The New York Pops’ 37th season opening concert, at Carnegie Hall, under Music Director and Conductor Steven Reineke’s knowing baton, featured welcome guest artist from Broadway, film, and television Jeremy Jordan in a program billed as “One Night Only: Jeremy Jordan.”
The evening started on an unusual, but not inappropriate note, with the celebratory fanfares and anticipatory flavor of Dmitri Shostakovich’s “Festive Overture.” Jordan introduced himself by conveying excitement—and an apt touch of apprehensiveness?—in a beautifully sung “Something’s Coming,” by Leonard Bernstein and Stephen Sondheim, from “West Side Story,” in Larry Blank’s arrangement, followed by Joe Iconis’ “Broadway, Here I Come!,” from TV’s “Smash,” with eagerness, but, suitably, without the swagger of the previous song, as arranged by Charlie Rosen and orchestrated by Sam Shoup, and Sara Bareilles’ “She Used to Be Mine,” from “Waitress,” in Reineke’s adaptation, quiet and sincere, the singer unfazed by its highest phrases. Reineke and the Pops offered, as an insistently seductive orchestral interlude, Cole Porter’s “Begin the Beguine,” in Ralph Hermann’s arrangement.
Jordan took on two Rodgers and Hammerstein favorites: a new father of a daughter, he looked at Billy Bigelow’s very different view of such a situation, in the Soliloquy from “Carousel,” orchestrated by Don Walker, giving a virtuoso account of the tour-de-force, and brought a swinging contemporaneity to “Oh, What a Beautiful Mornin’,” from “Okahoma!,” as arranged by Benjamin Rauhala, with Lee Musiker at the piano. Jordan probed Oscar-winning standards in a medley arranged by Johnny Mandel for Andy Williams: Sammy Fain and Paul Francis Webster’s “Love Is a Many-Splendored Thing;” Ray Evans and Jay Livingston’s “Mona Lisa;” Harry Warren and Johnny Mercer’s “On the Atchison, Topeka and the Santa Fe;” Jimmy Van Heusen and Sammy Cahn’s “All the Way,” going up the octave in the penultimate line; and Henry Mancini and Mercer’s “Moon River,” ending on a triumphant high note.

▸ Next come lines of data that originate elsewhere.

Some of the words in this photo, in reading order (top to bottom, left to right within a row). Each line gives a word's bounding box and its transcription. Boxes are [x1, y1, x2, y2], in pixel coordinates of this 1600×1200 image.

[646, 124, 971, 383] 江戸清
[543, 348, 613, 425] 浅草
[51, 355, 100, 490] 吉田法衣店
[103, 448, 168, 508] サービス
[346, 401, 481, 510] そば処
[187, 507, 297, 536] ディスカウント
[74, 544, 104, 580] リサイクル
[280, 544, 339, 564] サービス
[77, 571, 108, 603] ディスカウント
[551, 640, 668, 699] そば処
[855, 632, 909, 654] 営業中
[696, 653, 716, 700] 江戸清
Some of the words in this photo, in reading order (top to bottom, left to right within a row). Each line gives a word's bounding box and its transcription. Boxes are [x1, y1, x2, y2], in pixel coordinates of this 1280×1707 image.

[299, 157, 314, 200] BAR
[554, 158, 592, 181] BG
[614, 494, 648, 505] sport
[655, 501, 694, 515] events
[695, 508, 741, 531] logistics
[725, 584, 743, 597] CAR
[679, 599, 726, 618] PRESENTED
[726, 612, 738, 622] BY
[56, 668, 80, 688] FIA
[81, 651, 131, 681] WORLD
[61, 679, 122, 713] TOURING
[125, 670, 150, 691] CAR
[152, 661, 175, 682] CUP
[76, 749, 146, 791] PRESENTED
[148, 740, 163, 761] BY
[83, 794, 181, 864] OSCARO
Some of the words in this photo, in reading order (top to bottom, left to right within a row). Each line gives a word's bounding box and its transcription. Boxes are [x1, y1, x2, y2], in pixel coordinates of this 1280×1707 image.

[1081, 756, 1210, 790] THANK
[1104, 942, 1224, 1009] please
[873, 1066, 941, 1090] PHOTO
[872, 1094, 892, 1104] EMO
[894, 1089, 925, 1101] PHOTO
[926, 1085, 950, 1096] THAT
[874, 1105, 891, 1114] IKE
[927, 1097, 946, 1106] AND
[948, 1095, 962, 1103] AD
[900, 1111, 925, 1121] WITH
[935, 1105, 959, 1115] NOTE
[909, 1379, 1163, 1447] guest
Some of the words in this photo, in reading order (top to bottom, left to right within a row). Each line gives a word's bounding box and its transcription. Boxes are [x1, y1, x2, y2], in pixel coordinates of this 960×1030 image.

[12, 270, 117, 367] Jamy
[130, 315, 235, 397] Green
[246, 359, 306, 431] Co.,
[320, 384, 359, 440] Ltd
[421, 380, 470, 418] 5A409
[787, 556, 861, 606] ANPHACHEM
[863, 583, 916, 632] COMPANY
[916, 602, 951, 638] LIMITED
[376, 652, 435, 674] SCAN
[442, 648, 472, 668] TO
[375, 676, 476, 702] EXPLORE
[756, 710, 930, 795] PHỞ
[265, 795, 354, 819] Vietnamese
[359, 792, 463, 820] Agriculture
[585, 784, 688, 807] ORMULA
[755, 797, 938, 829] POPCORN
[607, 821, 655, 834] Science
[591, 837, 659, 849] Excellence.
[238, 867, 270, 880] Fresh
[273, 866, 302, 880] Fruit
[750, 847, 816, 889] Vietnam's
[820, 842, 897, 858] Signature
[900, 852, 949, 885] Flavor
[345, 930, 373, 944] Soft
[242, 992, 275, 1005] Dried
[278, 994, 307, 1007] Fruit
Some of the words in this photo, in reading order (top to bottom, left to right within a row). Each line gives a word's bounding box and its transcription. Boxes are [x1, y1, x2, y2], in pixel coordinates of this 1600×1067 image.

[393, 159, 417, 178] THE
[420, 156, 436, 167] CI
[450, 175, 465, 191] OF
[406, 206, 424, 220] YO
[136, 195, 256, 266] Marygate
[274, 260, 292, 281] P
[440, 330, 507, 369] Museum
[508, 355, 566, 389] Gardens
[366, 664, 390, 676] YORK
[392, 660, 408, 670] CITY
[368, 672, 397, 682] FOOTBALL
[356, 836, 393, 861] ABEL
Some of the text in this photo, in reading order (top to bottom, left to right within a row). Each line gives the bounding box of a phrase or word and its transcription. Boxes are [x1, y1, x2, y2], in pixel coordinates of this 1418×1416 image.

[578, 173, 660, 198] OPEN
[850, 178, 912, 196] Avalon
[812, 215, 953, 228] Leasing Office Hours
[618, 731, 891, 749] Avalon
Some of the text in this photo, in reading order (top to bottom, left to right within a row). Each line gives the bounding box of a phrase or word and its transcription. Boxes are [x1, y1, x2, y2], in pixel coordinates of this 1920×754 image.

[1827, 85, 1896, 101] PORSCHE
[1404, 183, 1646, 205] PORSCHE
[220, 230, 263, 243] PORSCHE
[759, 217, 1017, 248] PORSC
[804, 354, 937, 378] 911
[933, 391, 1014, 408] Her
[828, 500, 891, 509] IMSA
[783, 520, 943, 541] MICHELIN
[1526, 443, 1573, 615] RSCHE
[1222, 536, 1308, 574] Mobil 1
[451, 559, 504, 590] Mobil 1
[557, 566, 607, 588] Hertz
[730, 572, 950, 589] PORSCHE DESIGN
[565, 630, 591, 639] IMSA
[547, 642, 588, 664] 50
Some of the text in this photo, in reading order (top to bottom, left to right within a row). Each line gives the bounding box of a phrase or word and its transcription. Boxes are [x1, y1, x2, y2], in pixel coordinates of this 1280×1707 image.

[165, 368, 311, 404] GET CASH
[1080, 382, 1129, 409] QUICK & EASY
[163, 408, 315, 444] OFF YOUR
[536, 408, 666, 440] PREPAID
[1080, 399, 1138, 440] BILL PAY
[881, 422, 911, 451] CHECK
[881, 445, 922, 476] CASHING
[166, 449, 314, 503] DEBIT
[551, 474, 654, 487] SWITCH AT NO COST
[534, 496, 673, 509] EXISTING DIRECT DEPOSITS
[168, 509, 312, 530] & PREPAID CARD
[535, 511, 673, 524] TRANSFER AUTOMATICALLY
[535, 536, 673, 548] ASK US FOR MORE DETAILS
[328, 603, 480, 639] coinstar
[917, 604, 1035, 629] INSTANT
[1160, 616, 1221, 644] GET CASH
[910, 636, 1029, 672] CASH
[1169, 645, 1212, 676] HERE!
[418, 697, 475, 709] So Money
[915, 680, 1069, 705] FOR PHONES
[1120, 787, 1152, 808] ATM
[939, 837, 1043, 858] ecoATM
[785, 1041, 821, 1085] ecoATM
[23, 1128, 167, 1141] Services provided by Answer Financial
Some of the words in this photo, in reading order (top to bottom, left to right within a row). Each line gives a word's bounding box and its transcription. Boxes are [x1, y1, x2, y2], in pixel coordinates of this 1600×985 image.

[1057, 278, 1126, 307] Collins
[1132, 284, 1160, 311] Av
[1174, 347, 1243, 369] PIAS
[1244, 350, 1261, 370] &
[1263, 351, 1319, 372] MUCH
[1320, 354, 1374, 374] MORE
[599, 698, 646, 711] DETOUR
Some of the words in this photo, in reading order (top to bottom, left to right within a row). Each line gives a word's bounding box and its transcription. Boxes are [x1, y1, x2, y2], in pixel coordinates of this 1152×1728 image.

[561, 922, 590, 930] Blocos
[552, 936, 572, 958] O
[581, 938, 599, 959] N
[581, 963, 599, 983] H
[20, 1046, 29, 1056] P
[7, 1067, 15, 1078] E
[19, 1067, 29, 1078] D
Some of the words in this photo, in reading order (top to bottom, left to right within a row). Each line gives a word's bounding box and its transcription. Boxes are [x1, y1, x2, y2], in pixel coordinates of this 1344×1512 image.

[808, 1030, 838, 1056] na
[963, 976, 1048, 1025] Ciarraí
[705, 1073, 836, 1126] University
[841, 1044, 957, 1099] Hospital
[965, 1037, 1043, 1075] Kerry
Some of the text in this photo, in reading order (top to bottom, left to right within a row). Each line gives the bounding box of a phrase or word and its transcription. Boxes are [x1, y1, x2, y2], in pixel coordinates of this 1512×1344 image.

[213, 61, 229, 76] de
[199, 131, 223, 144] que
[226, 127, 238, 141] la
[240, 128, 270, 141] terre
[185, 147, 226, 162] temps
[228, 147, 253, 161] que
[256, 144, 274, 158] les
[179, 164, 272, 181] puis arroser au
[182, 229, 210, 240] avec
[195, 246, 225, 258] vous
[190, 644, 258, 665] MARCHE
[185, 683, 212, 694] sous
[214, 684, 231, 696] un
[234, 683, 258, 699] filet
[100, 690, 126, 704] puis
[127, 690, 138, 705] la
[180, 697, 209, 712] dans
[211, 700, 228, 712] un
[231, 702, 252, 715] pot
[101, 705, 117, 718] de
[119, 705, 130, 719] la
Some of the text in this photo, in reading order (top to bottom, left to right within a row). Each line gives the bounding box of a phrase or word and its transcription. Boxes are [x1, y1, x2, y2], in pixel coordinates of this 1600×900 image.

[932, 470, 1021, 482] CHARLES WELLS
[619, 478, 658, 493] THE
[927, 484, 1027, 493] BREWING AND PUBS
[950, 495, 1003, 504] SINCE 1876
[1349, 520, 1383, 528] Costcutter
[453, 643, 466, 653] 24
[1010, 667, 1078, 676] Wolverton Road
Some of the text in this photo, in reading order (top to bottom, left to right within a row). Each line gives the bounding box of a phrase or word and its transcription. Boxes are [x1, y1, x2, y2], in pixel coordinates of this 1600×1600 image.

The Pops’ rousing pairing of “At the End of the Day” and “Do You Hear the People Sing,” from Claude-Michel Schönberg and Alain Boublil’s “Les Misérables,” in Reineke’s arrangement, introduced the haunting and high “Bring Him Home,” by Schönberg, Herbert Kretzmer, and Boublil, sung with refinement, with much of it in head tone, by Jordan. The singer gave us a hot “Moving Too Fast,” from Jason Robert Brown’s “The Last Five Years,” arranged and newly orchestrated by Brown, which he followed with his own “Undertow,” a lament inspired by the loss of a wedding ring in the water at the beach, as arranged by Rauhala and orchestrated by Adam Podd.
Jordan and spouse Ashley Spencer, both of whom performed in “Rock of Ages,” though not at the same time, collaborated on a rocking mash-up of Gary Cherone and Nuno Bettencourt’s “More Than Words” and Jani Lane’s “Heaven,” orchestrated by Ethan Popp. The Pops followed with a spirited medley of Alan Menken’s songs from “Hercules,” “Tangled,” “The Hunchback of Notre Dame,” “Enchanted,” “Little Shop of Horrors,” “Newsies,” “Aladdin,” television’s “Galavant,” “The Little Mermaid,” “Pocahontas,” and “Beauty and the Beast.” Long associated with the role of Jack Kelly in “Newsies,” Jordan concluded with a rapturous “Santa Fe,” ode to a dreamed-of city, by Menken and Jack Feldman, adapted by Reineke.
For an encore, Jordan and Spencer offered a medley of favorite duets from musicals: “Our Children,” by Ahrens and Flaherty, from “Ragtime;” “Follow Your Heart,” by Mark Hollmann and Greg Kotis, from “Urinetown;” “As Long as You’re Mine,” by Stephen Schwartz, from “Wicked;” “Come What May,” from “Moulin Rouge,” by David Baerwald and Kevin Gilbert; and the ever-popular “Suddenly Seymour,” from “Little Shop of Horrors,” by Menken and Howard Ashman.
The New York Pops returns to Carnegie Hall on December 20 and 21, remembering Frank Sinatra and Ella Fitzgerald with “A Frank and Ella Christmas,” with Tony DeSare, Capathia Jenkins, and Judith Clurman’s Essential Voices USA. Visit
www.newyorkpops.org for further information. At its April 27, 2020 Gala, Reineke announced, the Pops will honor Robert Lopez and Kristen Anderson-Lopez (“Frozen,” “Avenue Q,” “Book of Mormon”).